Reproduce all the entries exactly and keep the pictures out.
====== The data ======
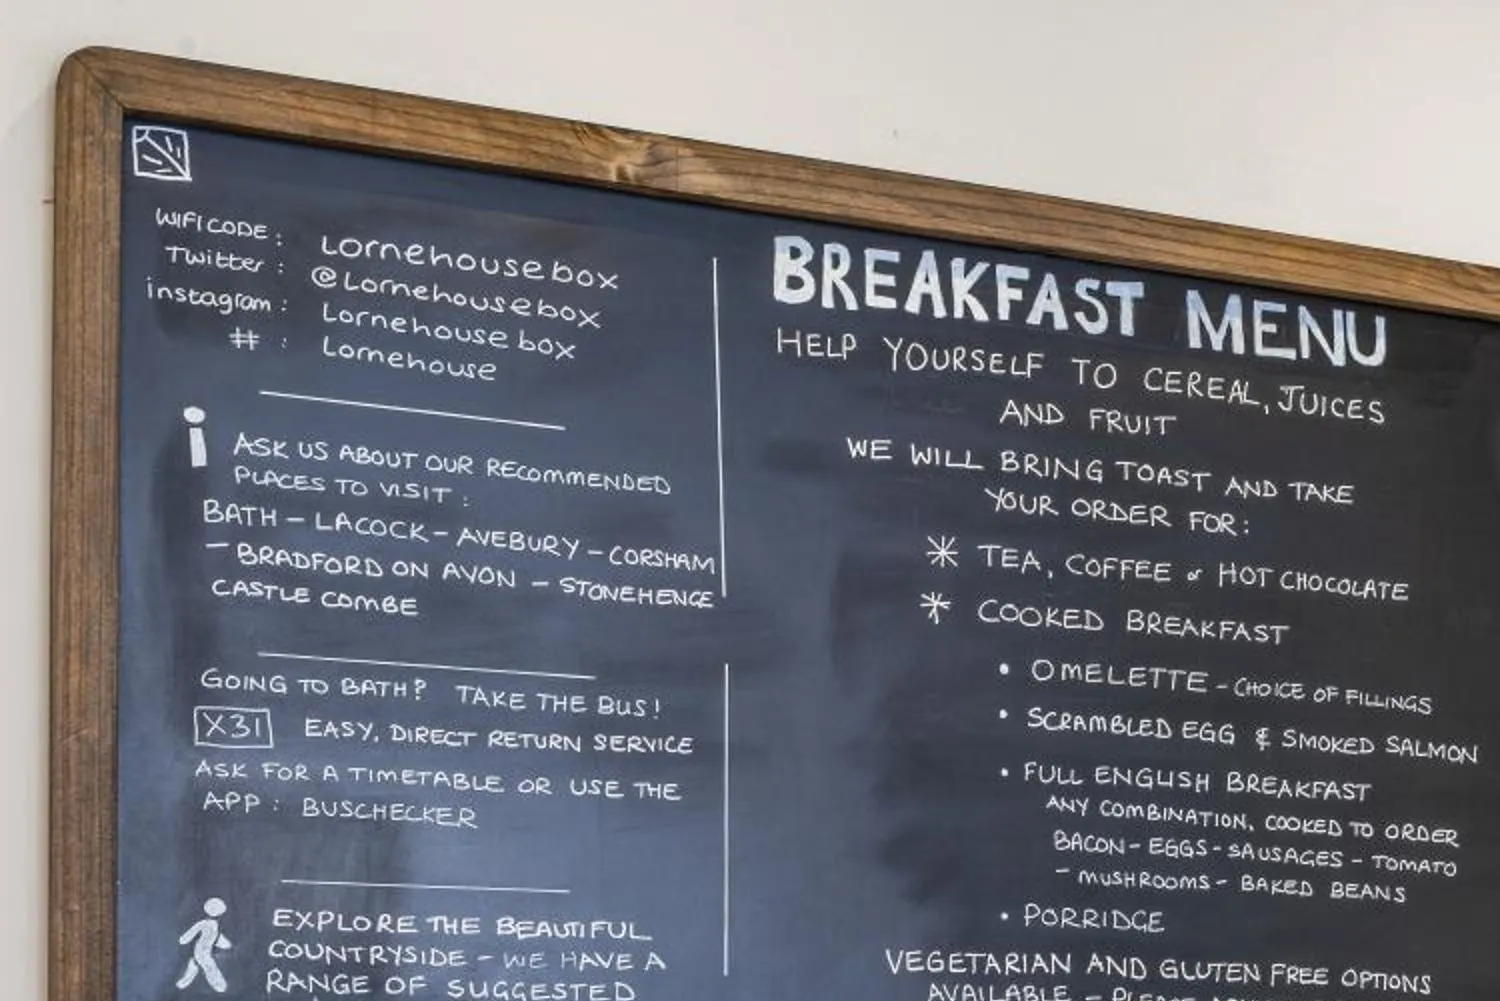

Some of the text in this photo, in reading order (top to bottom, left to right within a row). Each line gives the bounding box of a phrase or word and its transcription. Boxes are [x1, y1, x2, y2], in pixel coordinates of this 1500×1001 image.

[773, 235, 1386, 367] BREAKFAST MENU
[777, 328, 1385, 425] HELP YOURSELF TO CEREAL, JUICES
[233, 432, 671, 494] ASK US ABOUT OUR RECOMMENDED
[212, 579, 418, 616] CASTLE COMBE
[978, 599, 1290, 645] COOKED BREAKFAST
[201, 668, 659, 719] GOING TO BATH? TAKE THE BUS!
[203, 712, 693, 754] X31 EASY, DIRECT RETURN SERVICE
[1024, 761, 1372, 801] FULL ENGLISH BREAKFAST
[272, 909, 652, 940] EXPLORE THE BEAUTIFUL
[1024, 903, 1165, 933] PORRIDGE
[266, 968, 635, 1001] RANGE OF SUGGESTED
======
- Answer area:
Some of the text in this photo, in reading order (top to bottom, left to right within a row). Each line gives the bounding box of a phrase or word and its transcription. Boxes are [x1, y1, x2, y2], in pixel coordinates of this 1500×1001 image.

[773, 235, 1386, 367] BREAKFAST MENU
[777, 328, 1385, 425] HELP YOURSELF TO CEREAL, JUICES
[233, 432, 671, 494] ASK US ABOUT OUR RECOMMENDED
[212, 579, 418, 616] CASTLE COMBE
[978, 599, 1290, 645] COOKED BREAKFAST
[201, 668, 659, 719] GOING TO BATH? TAKE THE BUS!
[203, 712, 693, 754] X31 EASY, DIRECT RETURN SERVICE
[1024, 761, 1372, 801] FULL ENGLISH BREAKFAST
[272, 909, 652, 940] EXPLORE THE BEAUTIFUL
[1024, 903, 1165, 933] PORRIDGE
[266, 968, 635, 1001] RANGE OF SUGGESTED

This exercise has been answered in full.